If triggered by infections, antibiotics can be helpful in treating the guttate type of this condition. It usually responds to treatment and may gradually disappear by itself. If you have suffered from this condition, another episode is unlikely for years to come. In adults, the manifestation of small droplike bumps may mean that the disease is flaring up.
Specialized Types of Psoriasis
Seborrheic psoriasis is a condition affecting scalp. It is similar to severe dandruff. Thickening and flaking of the skin may protrude to the forehead just below the hairline. Scaling can become prevalent in the outer ear.
Psoriasis can also affect the connecting tissues of the nails. Pitting is an early manifestation of nail psoriasis, which can also take place in other diseases. Nail psoriasis involves the presence of dark spots similar to droplets of oil which can lead to flaking of the skin below the nails.

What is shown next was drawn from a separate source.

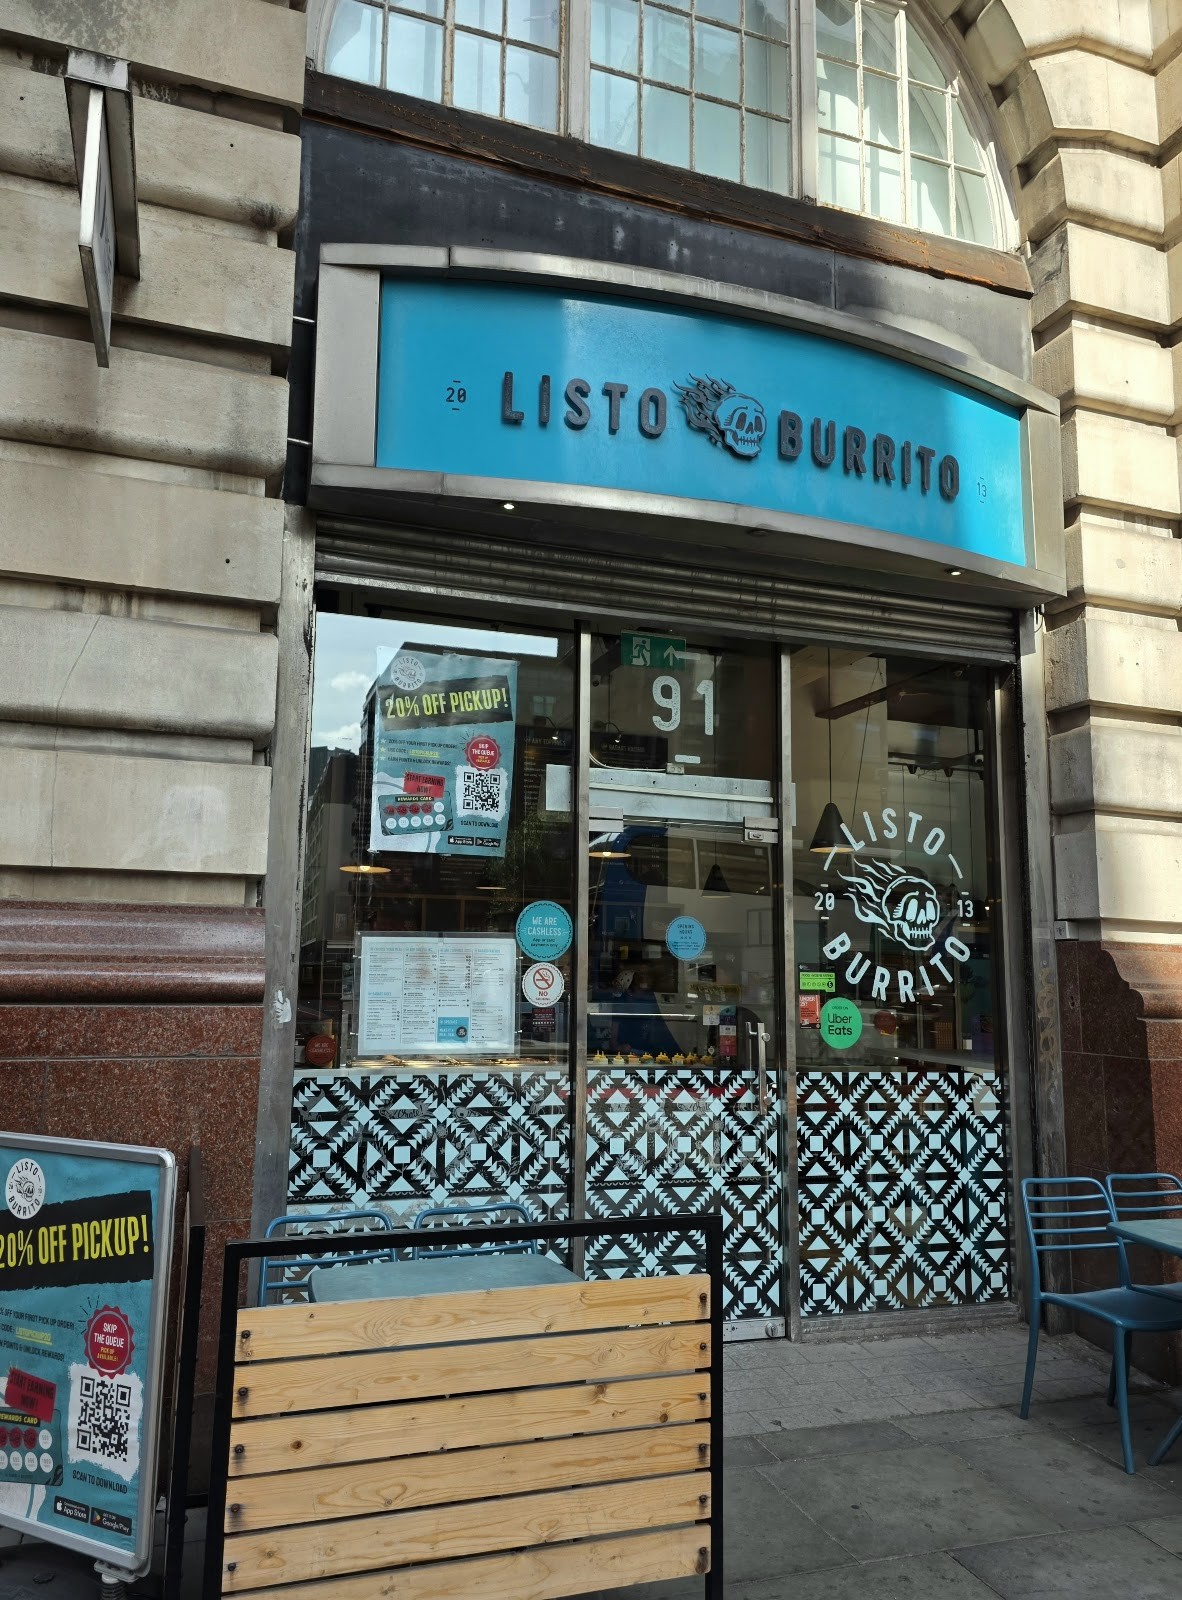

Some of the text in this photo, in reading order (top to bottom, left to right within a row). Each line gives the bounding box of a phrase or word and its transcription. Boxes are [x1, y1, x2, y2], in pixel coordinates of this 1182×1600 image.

Palmoplantar psoriasis takes place in the palms of the hands as well as soles of the feet. Severe cases of this type can lead to disability.
Pustular psoriasis affects the palms and soles. It is characterized by small, deep pus-filled blisters as well as copper-colored hue with a shade of red, flaky skin. It is similar to acropustulosis or palmoplantar pustulosis.
Erythroderma is a condition characterized by reddening, flaking, and thickening of the skin in most parts of the body. Erythrodermic psoriasis takes place when a person has a history of plaque psoriasis. It can also be a result of widespread eczema, skin reaction to drugs, or cutaneous lymphoma. It may be accompanied by fevers and chills and requires treatment in a hospital.
Pustular psoriasis is a rare and severe kind of the condition characterized by the formation of small, pus-filled blisters on the skin. It may require treatment in the hospital as patients fall ill from fevers and chills. Aside from that, it may require special therapies because traditional treatment approaches can easily irritate their skin. It can lead to disability when the condition extends to the palms and soles.
Inverse or flexural psoriasis usually affects the area of the body where there is skin folding such as the armpits, groin, and webs of the toes. It is often whitish in color and usually soft like a fungal infection.
Understanding the various kinds of psoriasis can be helpful in determining the method of treatment that will be used.